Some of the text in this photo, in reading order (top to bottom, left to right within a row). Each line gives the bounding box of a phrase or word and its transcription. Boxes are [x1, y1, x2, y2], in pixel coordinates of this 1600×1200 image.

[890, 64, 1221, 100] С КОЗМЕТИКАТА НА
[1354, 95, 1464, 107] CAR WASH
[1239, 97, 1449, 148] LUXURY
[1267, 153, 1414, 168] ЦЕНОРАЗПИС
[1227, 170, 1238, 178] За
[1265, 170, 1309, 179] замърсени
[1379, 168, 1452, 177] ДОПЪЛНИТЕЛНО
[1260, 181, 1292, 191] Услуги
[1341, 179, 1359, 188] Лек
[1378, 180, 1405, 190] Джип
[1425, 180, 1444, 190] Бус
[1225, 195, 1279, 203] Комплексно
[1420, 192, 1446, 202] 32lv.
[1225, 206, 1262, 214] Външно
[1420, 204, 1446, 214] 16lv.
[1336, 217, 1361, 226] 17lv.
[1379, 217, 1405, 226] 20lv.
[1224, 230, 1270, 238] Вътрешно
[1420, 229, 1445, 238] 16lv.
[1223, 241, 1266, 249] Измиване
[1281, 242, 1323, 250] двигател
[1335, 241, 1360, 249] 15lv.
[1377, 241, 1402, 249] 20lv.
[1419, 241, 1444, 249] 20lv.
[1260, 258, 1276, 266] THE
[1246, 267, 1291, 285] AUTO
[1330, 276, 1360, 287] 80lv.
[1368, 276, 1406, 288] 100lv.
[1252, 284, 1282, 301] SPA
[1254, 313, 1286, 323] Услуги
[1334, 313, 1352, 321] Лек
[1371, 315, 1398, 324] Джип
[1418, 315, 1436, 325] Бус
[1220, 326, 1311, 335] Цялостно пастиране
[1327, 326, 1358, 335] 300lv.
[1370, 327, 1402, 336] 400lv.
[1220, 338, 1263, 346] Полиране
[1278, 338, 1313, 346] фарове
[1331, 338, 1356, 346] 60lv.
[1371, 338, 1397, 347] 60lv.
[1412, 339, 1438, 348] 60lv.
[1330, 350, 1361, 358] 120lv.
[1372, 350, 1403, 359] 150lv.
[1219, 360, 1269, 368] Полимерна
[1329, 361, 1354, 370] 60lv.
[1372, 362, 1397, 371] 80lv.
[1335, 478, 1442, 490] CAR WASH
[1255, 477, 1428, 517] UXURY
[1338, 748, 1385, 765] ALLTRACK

_DESCRIPTION OF THE TASK_
Please tally the lines above that contain "Джип" and report nothing but the total.

_SOLUTION FOR THIS EXERCISE_
2